However, the method of production was the main factor in its protracted confinement to Ahuna and its surrounding regions. The approach lacked the subtlety of a well-run kitchen. Since it has gained popularity across the nation, particularly in Patna, the capital of Bihar, crowds are now common outside eateries that specialize in this cuisine.

mutton ahuna

How Is Mutton From Ahuna Made?

A gift from Nepal, where the preparation is a little different, is Ahuna mutton. To prepare it, you must marinade the mutton in mustard oil with spices, onions, and other seasonings before cooking it for an hour inside a sealed Ahuna or handi that cannot be used again. Create a little air passageway in the object to allow for airflow. This dish may be prepared on a gas or wood burner. One thing to keep in mind is that the amount of time required for cooking varies on the type of goat utilized (around an hour for six kilograms of the goat).

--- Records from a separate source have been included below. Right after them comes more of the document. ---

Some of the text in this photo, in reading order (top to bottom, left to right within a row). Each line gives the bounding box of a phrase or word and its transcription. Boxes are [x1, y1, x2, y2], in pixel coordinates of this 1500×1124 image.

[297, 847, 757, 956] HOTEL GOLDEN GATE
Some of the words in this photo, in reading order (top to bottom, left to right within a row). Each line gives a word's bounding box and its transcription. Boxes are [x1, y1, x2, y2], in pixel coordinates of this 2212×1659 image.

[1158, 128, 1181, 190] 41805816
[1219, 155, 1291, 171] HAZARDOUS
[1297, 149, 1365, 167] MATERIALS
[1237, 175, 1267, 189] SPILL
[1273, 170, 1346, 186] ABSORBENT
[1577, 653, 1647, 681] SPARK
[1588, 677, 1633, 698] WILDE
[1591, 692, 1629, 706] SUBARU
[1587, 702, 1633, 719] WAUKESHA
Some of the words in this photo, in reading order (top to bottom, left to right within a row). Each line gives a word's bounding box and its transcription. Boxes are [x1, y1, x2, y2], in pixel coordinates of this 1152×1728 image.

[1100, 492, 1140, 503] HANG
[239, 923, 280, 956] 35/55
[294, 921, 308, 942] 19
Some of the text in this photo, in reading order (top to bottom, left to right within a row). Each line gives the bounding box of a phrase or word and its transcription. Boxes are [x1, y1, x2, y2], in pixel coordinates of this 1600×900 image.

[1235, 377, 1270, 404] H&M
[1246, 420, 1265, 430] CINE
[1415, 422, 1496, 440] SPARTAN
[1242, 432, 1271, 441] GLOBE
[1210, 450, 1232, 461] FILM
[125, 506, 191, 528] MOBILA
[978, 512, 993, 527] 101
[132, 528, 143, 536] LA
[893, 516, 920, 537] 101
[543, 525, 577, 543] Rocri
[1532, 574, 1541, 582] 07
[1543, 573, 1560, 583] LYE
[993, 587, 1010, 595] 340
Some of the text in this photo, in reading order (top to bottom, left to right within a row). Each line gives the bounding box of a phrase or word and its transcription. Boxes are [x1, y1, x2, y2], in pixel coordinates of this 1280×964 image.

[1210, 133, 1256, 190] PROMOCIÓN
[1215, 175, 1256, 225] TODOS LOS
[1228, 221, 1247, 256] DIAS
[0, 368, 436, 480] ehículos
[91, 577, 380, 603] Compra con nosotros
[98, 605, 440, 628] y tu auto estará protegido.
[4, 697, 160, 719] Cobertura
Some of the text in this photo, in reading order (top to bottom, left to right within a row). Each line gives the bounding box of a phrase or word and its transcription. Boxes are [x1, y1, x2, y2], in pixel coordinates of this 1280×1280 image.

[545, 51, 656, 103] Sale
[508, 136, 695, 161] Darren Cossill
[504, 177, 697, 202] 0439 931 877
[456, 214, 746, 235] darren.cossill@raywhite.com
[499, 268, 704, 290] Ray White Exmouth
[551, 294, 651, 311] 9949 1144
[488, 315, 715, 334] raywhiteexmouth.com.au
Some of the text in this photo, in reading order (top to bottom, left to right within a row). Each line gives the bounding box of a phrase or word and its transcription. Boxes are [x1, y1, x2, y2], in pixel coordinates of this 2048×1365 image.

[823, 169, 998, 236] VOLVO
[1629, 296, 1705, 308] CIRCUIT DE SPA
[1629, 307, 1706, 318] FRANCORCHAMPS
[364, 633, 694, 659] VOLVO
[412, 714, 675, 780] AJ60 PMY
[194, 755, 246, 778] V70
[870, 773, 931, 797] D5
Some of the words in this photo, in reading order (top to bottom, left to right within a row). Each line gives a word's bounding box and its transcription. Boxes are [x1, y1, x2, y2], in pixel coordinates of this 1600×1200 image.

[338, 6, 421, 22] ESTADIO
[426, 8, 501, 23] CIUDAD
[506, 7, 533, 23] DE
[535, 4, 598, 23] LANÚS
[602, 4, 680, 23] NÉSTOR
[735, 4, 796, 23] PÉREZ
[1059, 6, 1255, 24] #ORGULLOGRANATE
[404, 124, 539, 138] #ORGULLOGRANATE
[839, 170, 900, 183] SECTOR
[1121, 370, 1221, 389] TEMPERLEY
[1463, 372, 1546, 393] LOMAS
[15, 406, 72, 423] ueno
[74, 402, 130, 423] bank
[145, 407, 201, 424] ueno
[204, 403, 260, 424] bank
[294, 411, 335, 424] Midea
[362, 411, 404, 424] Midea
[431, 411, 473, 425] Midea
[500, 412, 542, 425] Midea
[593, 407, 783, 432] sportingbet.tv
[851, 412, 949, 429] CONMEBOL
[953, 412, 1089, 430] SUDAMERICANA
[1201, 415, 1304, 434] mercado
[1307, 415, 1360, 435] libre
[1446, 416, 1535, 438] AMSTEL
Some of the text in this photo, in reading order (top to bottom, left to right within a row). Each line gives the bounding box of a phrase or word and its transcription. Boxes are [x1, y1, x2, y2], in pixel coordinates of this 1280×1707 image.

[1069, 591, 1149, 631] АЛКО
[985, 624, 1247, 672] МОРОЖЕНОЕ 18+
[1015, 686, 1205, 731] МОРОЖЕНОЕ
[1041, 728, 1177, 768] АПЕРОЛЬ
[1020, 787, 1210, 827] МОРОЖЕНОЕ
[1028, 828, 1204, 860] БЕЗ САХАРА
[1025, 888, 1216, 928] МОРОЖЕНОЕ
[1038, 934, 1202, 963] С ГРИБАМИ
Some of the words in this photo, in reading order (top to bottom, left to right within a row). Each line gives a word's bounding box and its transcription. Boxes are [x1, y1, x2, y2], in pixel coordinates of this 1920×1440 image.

What makes Ahuna Mutton Recipe unique?

Ahuna Mutton Recipe is unique in its blend of spices and cooking method. The use of a variety of aromatic spices such as coriander, cumin, cinnamon, and cardamom, combined with coconut, tamarind, and jaggery, creates a unique and flavorful taste. Additionally, the cooking method involves slow-cooking the meat in its own juices, resulting in a tender and succulent dish that is packed with flavor. The use of traditional earthenware pots for cooking also adds to the unique flavor and texture of the dish.

What are some common mistakes to avoid when making Ahuna Mutton Recipe?

Here are some common mistakes to avoid when making Ahuna Mutton:

  1. Not using the right cut of meat: The key to making tender and flavorful Ahuna Mutton is to use the right cut of meat. Always use a cut of mutton that is suitable for slow cooking, such as the shoulder or leg.

  2. Not marinating the meat: Marinating the meat for at least 30 minutes before cooking can help tenderize the meat and infuse it with flavor. Make sure to marinate the meat in a mixture of yogurt, spices, and vinegar for best results.

  3. Overcooking the meat: Overcooking the meat can make it tough and dry. Make sure to cook the meat until it is tender and falls off the bone, but avoid cooking it for too long.

  4. Not frying the onions properly: Frying the onions until they are golden brown is an important step in making Ahuna Mutton. If the onions are not fried properly, the dish may lack flavor.

  5. Not using enough spices: Ahuna Mutton is a spicy dish, and it’s important to use the right amount of spices to achieve the perfect balance of flavors. Make sure to follow the recipe and adjust the spice levels to suit your taste.

  6. Not letting the dish rest: After the Ahuna Mutton is cooked, it’s important to let it rest for at least 10-15 minutes. This allows the flavors to meld together and makes the meat more tender.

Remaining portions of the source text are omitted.